By halving the hash rate in its RTX 3080, RTX 3070 and RTX 3060 Ti cards, which Nvidia refers to as making them “Lite Hash Rate” or “LHR”, these graphics cards are less likely to be used in crypto mining.

This is not the first time that Nvidia has done something like this. It had already halved the hash rate of its GeForce RTX 3060 graphics card.

“GeForce products are made for gamers – and packed with innovations,” NVIDIA explained in blog announcing the news. “Our RTX 30 Series is built on our second-generation RTX architecture, with dedicated RT Cores and Tensor Cores, delivering amazing visuals and performance to gamer and creators.

“Because NVIDIA GPUs are programmable, users regularly discover new applications for them, from weather simulation and gene sequencing to deep learning and robotics. Mining cryptocurrency is one of them.”

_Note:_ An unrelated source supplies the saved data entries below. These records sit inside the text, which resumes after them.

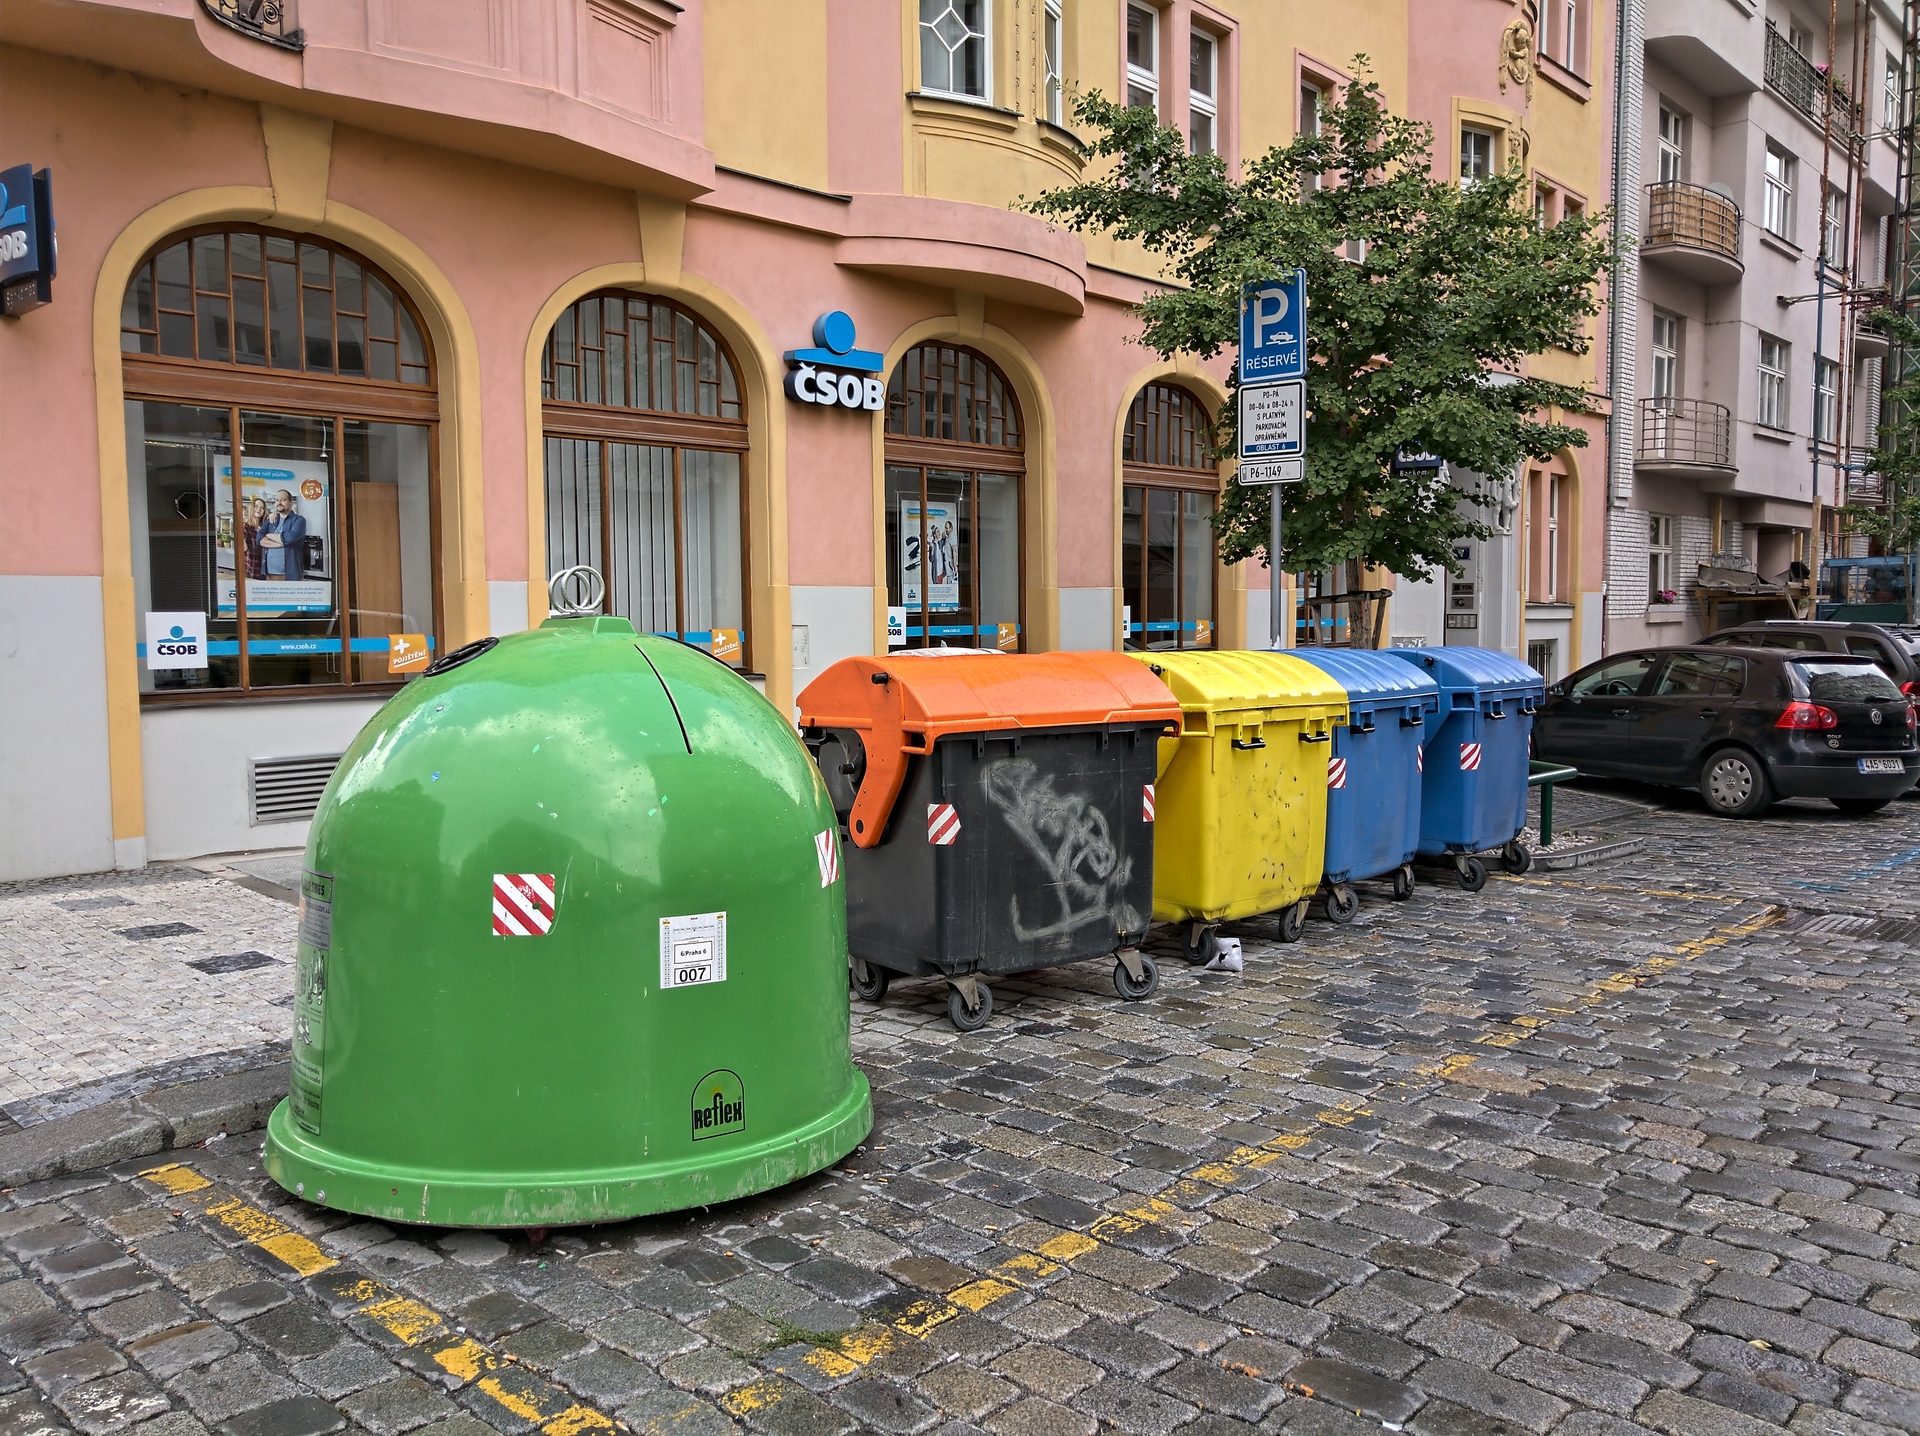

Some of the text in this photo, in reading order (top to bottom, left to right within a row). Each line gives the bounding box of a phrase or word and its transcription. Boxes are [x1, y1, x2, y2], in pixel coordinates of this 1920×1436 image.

[0, 230, 28, 263] OB
[1253, 287, 1289, 349] P
[1246, 349, 1298, 371] RÉSERVÉ
[794, 362, 885, 411] ČSOB
[1262, 388, 1280, 399] PO-PÁ
[1248, 402, 1265, 411] 00-06
[1271, 400, 1288, 409] 08-24
[1289, 399, 1294, 407] h
[1256, 409, 1286, 421] S PLATNÝM
[1255, 420, 1287, 431] PARKOVACÍM
[1254, 430, 1288, 442] OPRÁVNĚNÍM
[1255, 443, 1279, 452] OBLAST
[1250, 465, 1282, 479] P6-1149
[888, 628, 902, 637] SOB
[157, 644, 198, 656] ČSOB
[393, 648, 426, 665] POJIŠTĚNÍ
[679, 967, 707, 983] 007

The bad news is coming hard and fast for cryptocurrency enthusiasts. Bitcoin has fallen by 44.5% from its all-time high in April and is currently trading at $35,319. Tesla has stopped people from buying cars with crypto – if they ever did – and Beijing is turning the screws on digital currencies.

Bitcoin’s month-long tumble started just after cryptocurrency exchange Coinbase made its public debut in April. The price drop has been linked to a number of factors, chief among them concerns that regulators plan to introduce new legislation to prevent cryptocoin being used for criminal activities like money laundering and ransomware payments.

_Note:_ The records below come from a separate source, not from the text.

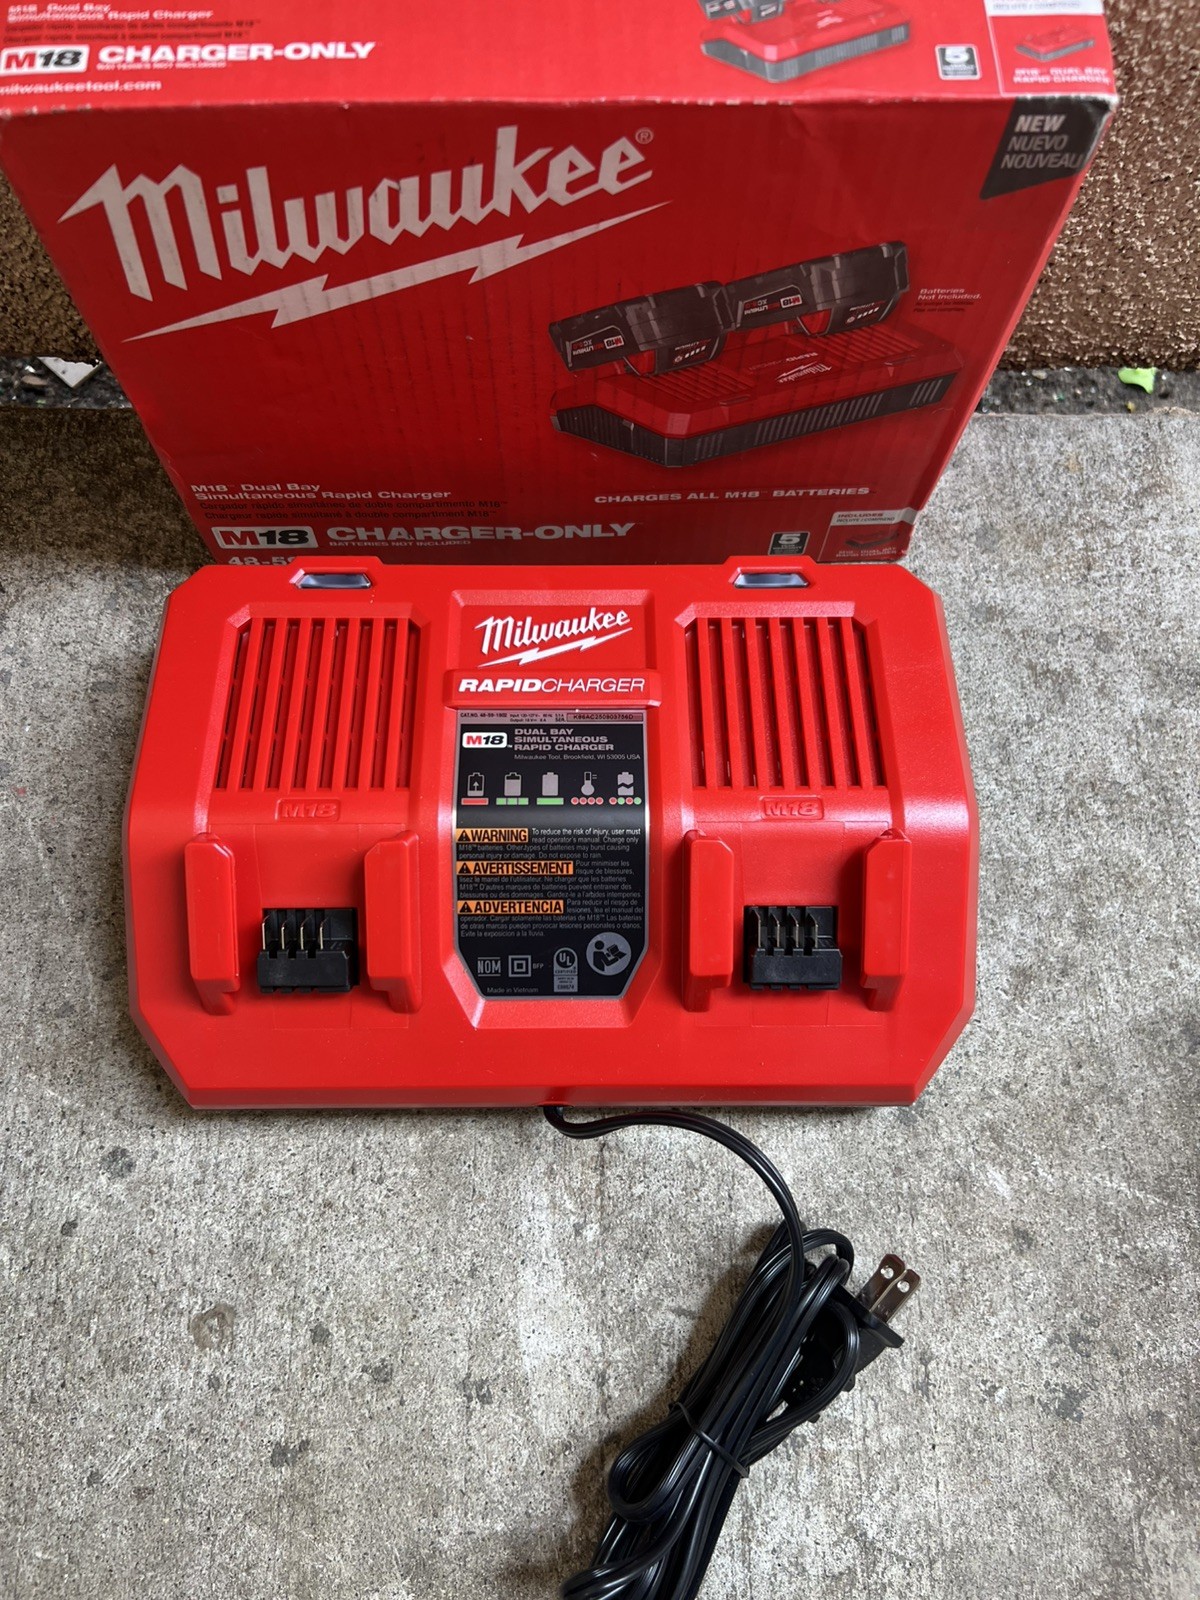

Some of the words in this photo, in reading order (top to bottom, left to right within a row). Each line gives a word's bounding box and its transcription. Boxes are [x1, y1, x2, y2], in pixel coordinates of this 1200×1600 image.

[4, 50, 83, 70] M18
[98, 42, 377, 64] CHARGER-ONLY
[1014, 114, 1066, 133] NEW
[1007, 134, 1069, 152] NUEVO
[1000, 152, 1084, 169] NOUVEAU
[240, 484, 282, 492] Dual
[286, 483, 321, 493] Bay
[194, 491, 317, 501] Simultaneous
[321, 491, 373, 501] Rapid
[377, 490, 452, 501] Charger
[594, 493, 683, 504] CHARGES
[686, 491, 720, 501] ALL
[772, 487, 871, 498] BATTERIES
[216, 529, 312, 547] M18
[326, 523, 637, 543] CHARGER-ONLY
[777, 533, 802, 545] 5
[329, 540, 389, 548] BATTERIES
[391, 540, 415, 548] NOT
[417, 539, 472, 548] INCLUDED
[227, 556, 298, 567] 48-5
[475, 607, 631, 656] Milwaukee
[514, 728, 548, 736] DUAL
[550, 728, 574, 736] BAY
[465, 734, 506, 747] M18
[514, 736, 609, 744] SIMULTANEOUS
[281, 802, 338, 818] M18
[763, 800, 819, 817] M18
[470, 829, 528, 842] WARNING
[602, 836, 625, 844] Charge
[626, 836, 639, 844] only
[473, 862, 572, 874] AVERTISSEMENT
[474, 901, 563, 914] ADVERTENCIA
[477, 960, 501, 974] NOM

Another factor initially linked to the bitcoin price shock was a power outage in the Chinese Xinjiang region in April. The blackout was caused by maintenance work after a recent flooding in the region, which is home to much of the world’s bitcoin mining.

Despite the tumble, a GlobalData thematic research report from April noted that financial industry incumbents are increasingly accepting bitcoin, ether and other digital assets.

For instance, Goldman Sachs has launched a new crypto-trading team, Fidelity Investments is preparing to launch its own bitcoin fund, and Morgan Stanley has provided wealth management clients access to two crypto funds.

“When the mysterious Satoshi Nakamoto launched bitcoin over a decade ago, it divided investors into cryptocurrency sceptics and cryptocurrency enthusiasts, groups that still exist to this day,” GlobalData analysts wrote.

“Needless to say, many financial institutions fell into the first category. However, in line with the digital transformation the wealth industry is experiencing, many large financial institutions who once slammed the concept, despite having found use cases for the blockchain technology which underpins cryptocurrencies, have now changed their tune and the asset class is no longer being put to the side.”

In other news, Nvidia is one of the companies hit by the global semiconductor shortage. Its CEO Jensen Huang said in April that he believes the chip crunch will last for two years, adding that a fresh approach is needed for chips in automotive systems and supply chains.

“Instead of thousands of components it really wants to be a few centralised components because you could keep your eyes on four things a lot better than you can keep your eye on 10,000 places,” Huang said, understandably as his company makes powerful, advanced silicon rather than basic semiconductors.

Soaring demand and shrinking supply in semiconductors because of Covid-19, severe weather and factory fires have forced automakers including Ford, General Motors and Hyundai to halt or interrupt production of cars and trucks.